When I got back, there was a cop car parked behind my mom’s car. There
Cheyenne, Lara, and Melinda looked worriedly at the car, and my mom was leaning against the side of her red van, arms across her chest, talking to an old, but nice looking cop. Another cop stood nearby, a young one, scowling at the scene before him. I ran over to my friends and, before I could ask what was going on, the young cop came up to me, and, in a bored, yet agitated voice asked, “Are you Maura Emery?’ he asked. I nodded through the red haze that was my hair in my face while trying to brush it away. Seeing as the wind wouldn’t let me, I just left my world in red and waited for the cop to ask more questions. More questions…. Panic surged in one great wave through me and I could feel my ears heating up like they do whenever I’m being questioned, by a teacher, or the principal, etc. Good thing my hair covered my face or else I would probably look very suspicious turning the colour of a strawberry.
“Is it true that you were the person on the clock tower in town on Saturday?” Well he certainly got to the point. I thought cops usually beat around the bush, so to speak, until the whittled what they wanted out of your terrified little mind. “Yes,” I said, my voice coming out in the barest of tones rather than the strong, solid one I wanted. “Who was up there with you, and do you know why?’ I tried not to swallow and seem nervous, even though I was. I couldn’t let him know that.
I opened my mouth in response, but nothing came out save for a whine that hopefully was drowned out by the wind that suddenly sounded a million times louder, like it was echoing between my ears. “Come on Olive, give the kid a break.” The old cop speaks. I like him. Not Olive. I wonder if that’s his real name….
“Do not call me Olive! It’s Oliver,” the younger cop said through gritted teeth, his eyes closed in what seemed like concentration on having abstinence. “Whatever you say kid.”
“I’m not a kid.” He spoke in a strained voice. This older cop is good. Annoying Olive. For that, I commend him. “You are compared to me,” he—Jake—(I read his badge thing) said. Jake laughed a deep laugh as Olive’s face grew more and more overwrought. Jake walked over to me. “Miss Emery, do you know who was up there, and what they were trying to do?” He spoke from underneath black eyebrows that looked like bushy clumps of soot. He had hair that looked like the snow in New York City. Charcoal with some streaks of white. I shook my head no.
Taking a deep breath, I prepare to do something that I really, really, really shouldn’t have. I know, I know it’s wrong, but I need to sort this through on my own, and I can’t get Ami in trouble. Not with the police anyway.
“It was a middle aged man. I think. He had, um, brown hair I think, pretty short, he was attacking me with a walking stick.”

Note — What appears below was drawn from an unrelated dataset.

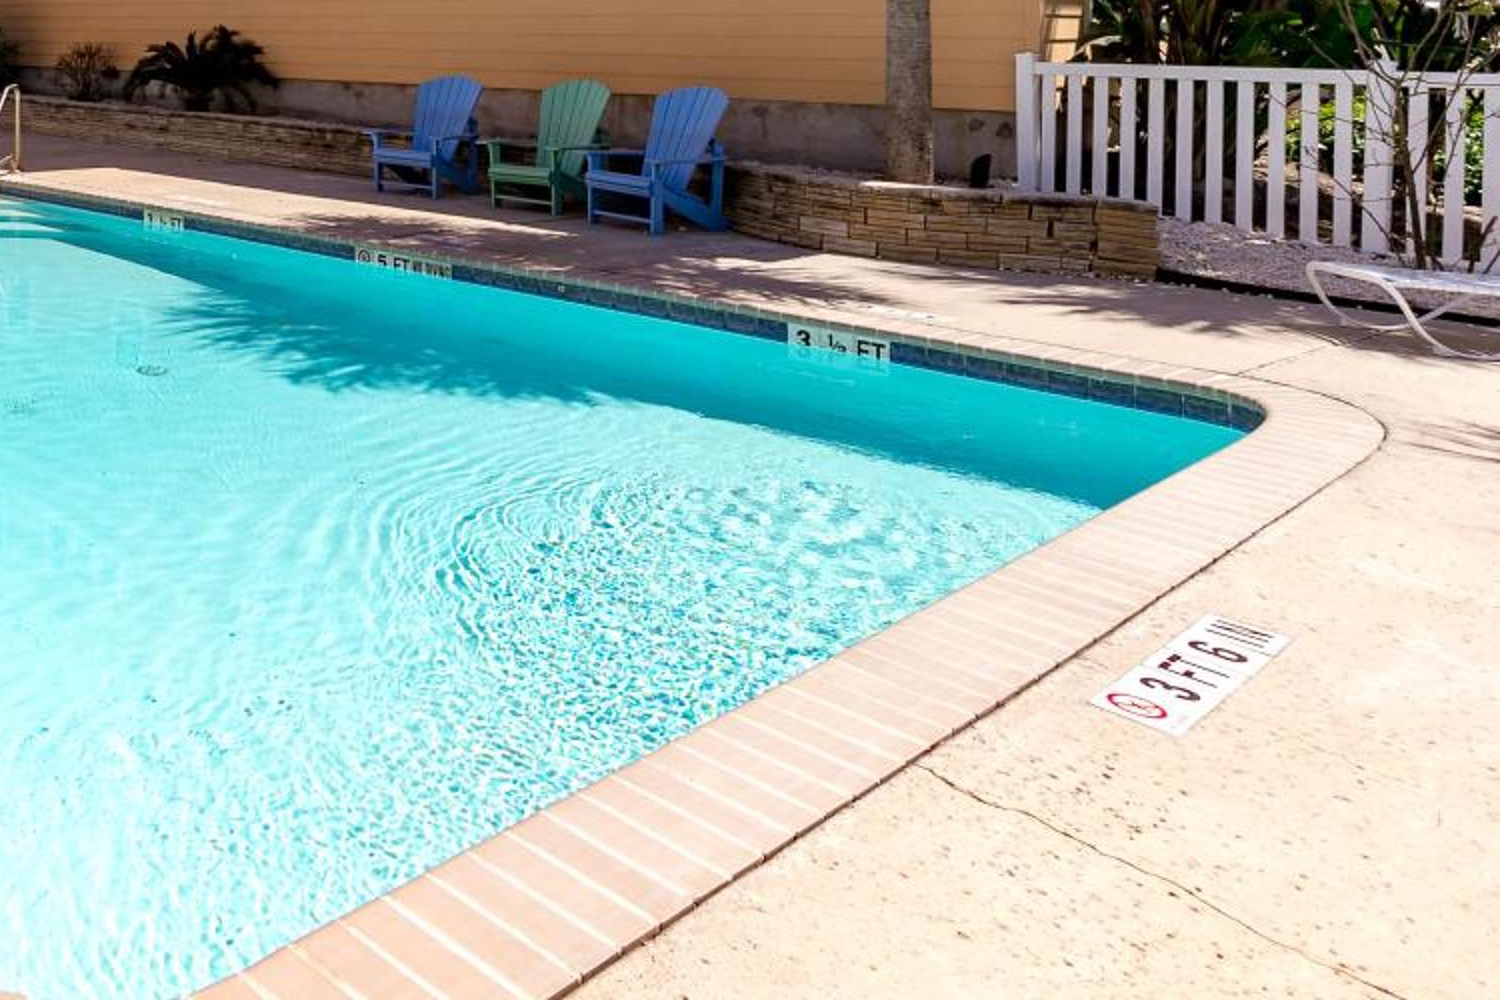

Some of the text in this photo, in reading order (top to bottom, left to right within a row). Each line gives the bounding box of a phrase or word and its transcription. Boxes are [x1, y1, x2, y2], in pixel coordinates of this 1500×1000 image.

[856, 340, 886, 361] FT
[1139, 619, 1276, 702] 3 FT 6 IN
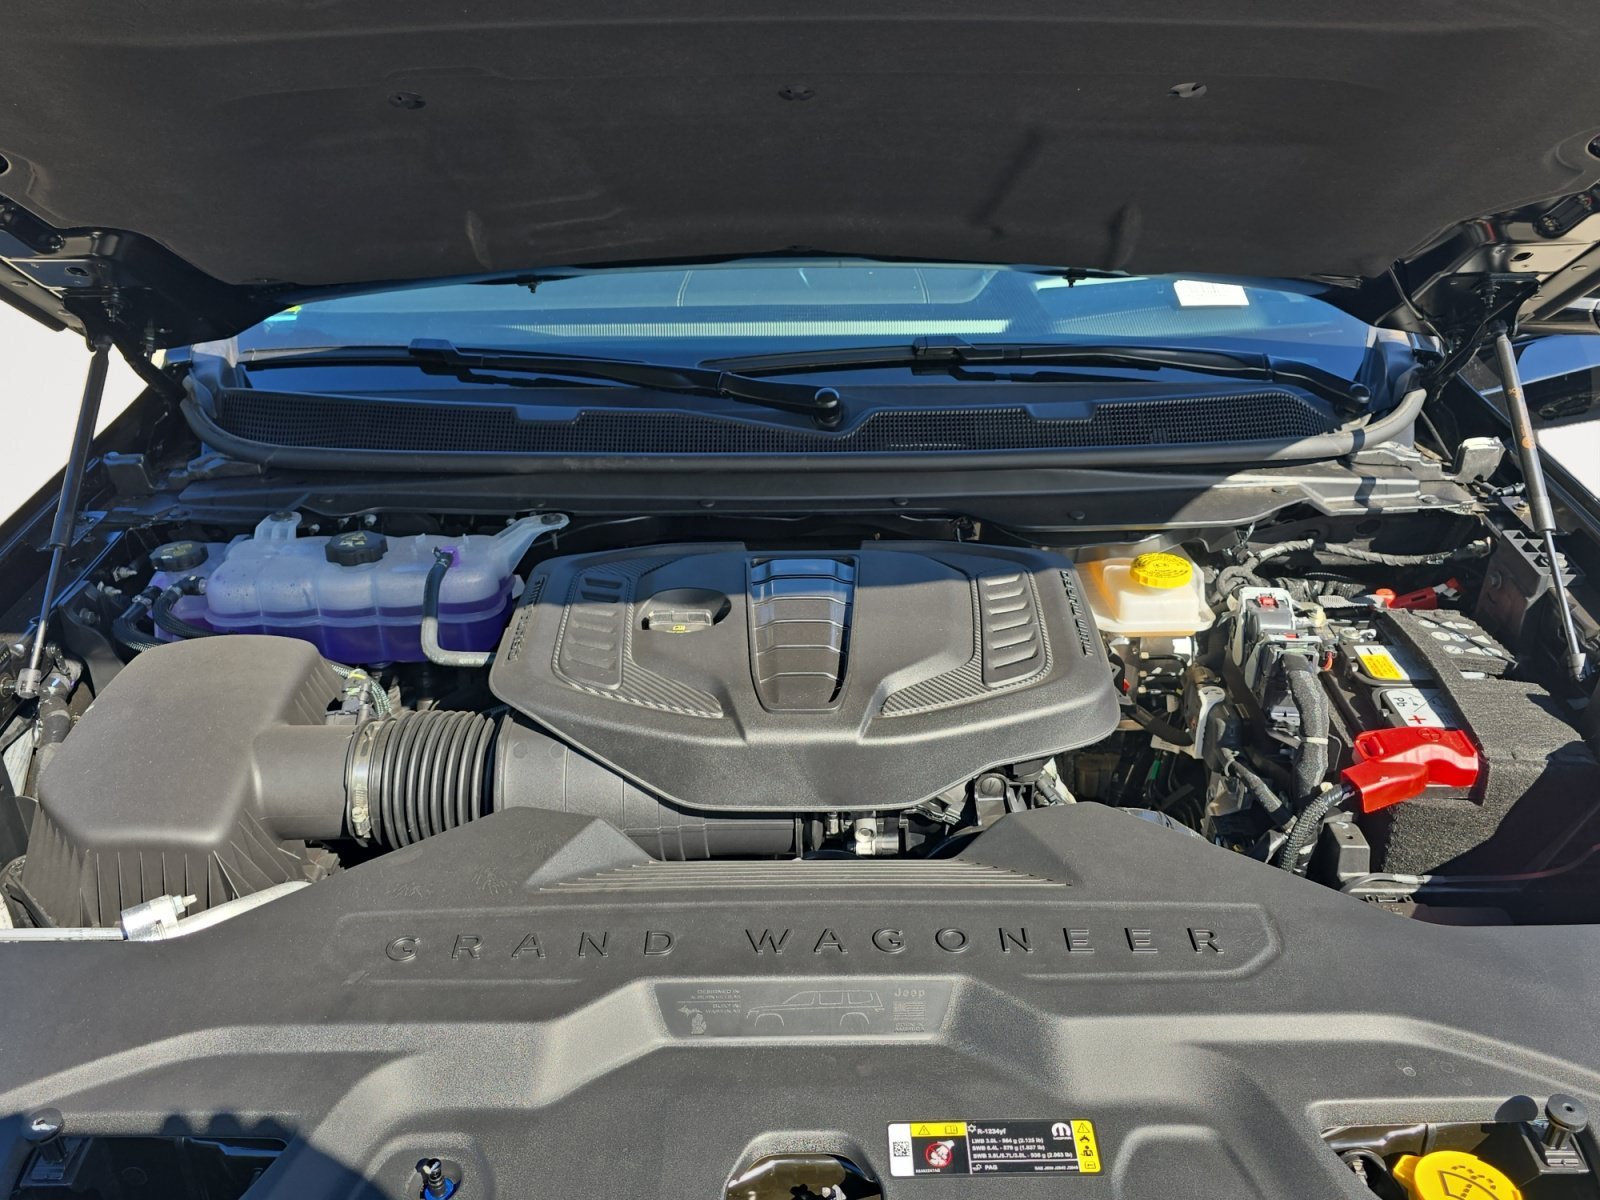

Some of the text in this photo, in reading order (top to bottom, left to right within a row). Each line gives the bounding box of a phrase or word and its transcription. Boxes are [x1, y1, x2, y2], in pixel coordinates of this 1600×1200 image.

“And is it true that you had a metal pipe with you?” Jake asked nicely, warmly. “Yes.” My voice, again, came out as a sad, pathetic whisper. “And why is that? Will you tell us?”

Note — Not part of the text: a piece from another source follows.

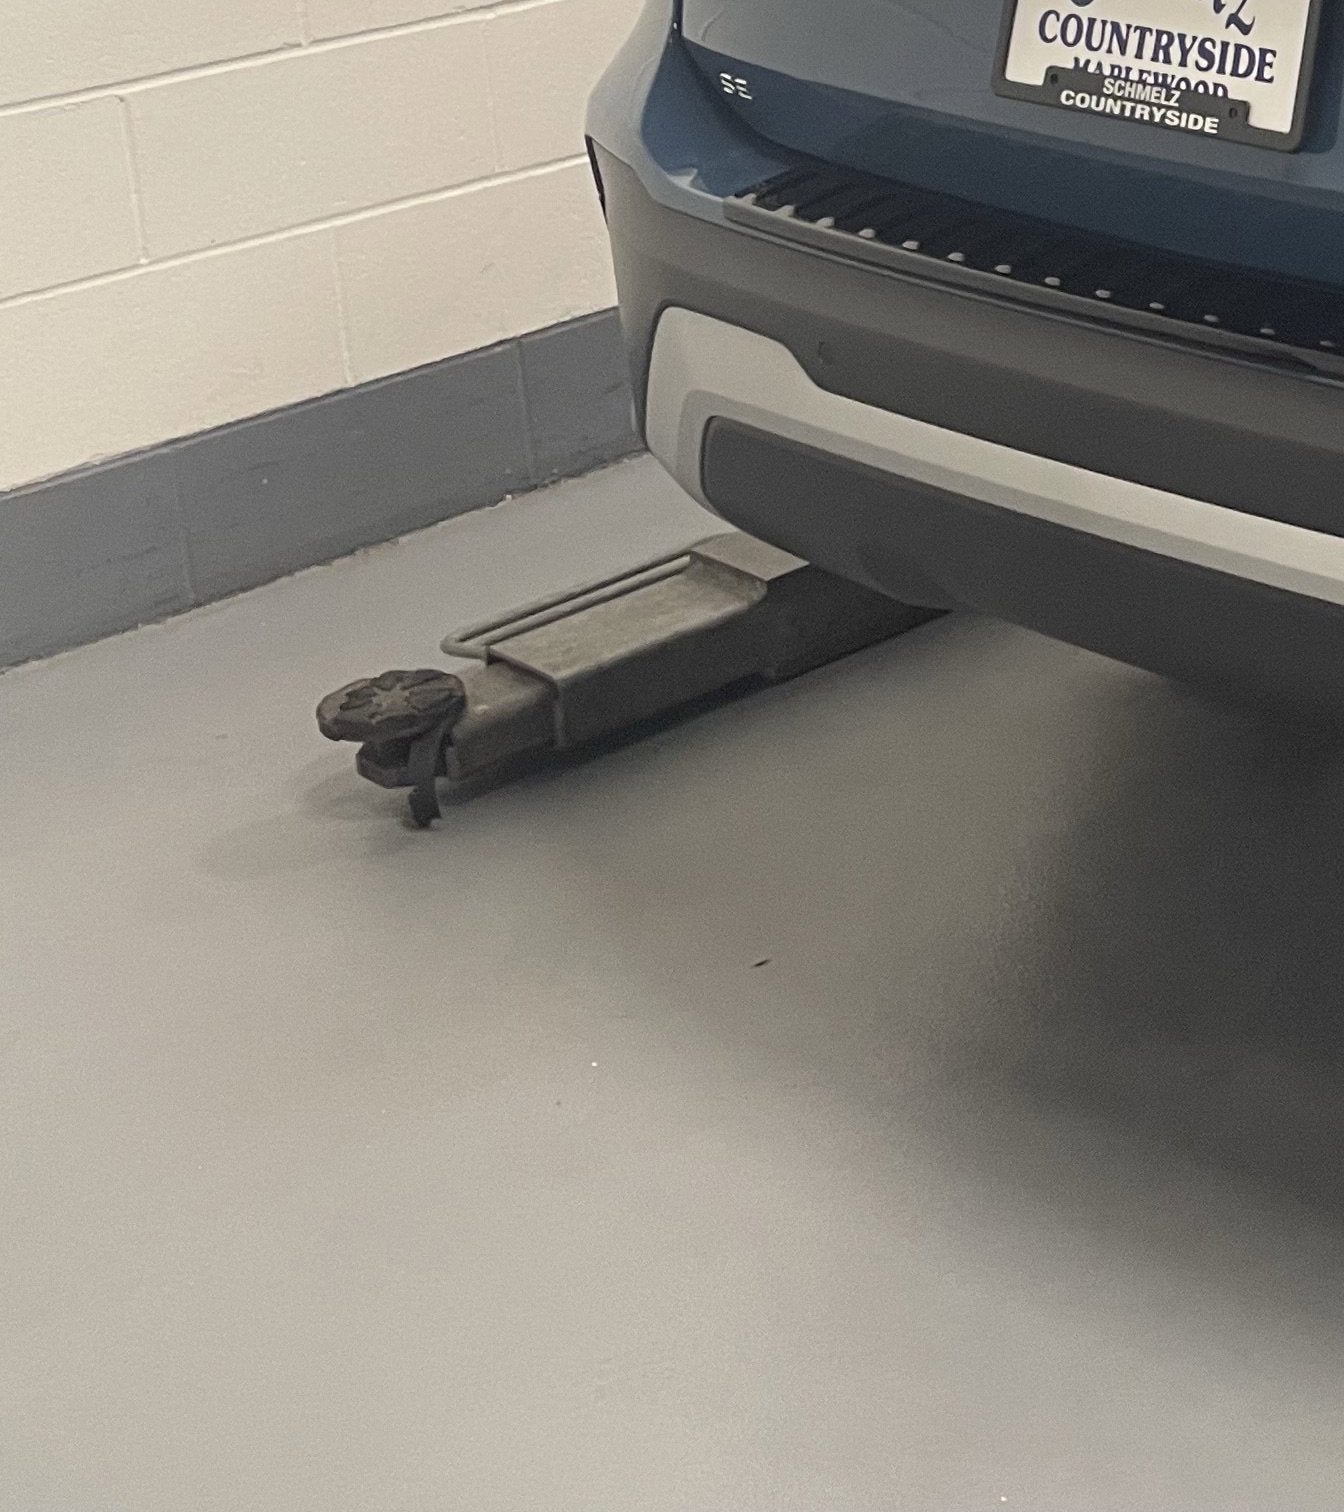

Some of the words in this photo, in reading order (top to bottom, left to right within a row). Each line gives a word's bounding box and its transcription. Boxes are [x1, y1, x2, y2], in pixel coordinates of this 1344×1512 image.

[1039, 9, 1277, 84] COUNTRYSIDE
[719, 72, 752, 100] SE
[1103, 78, 1181, 107] SCHMELZ
[1060, 89, 1220, 134] COUNTRYSIDE

“Um, well, you see, my friends and I,” I gestured to Cheyenne, Melinda, and Lara, “We’re building a small hut out in the woods behind the school, and, we left all the supplies at my house,” I said, remembering how much wood and nails we had in the shed. “And I found the pipe, so I went to town and I decided I’d show it to them to see if we could use it.” I tried to look defiant, but I’m sure I just looked scared.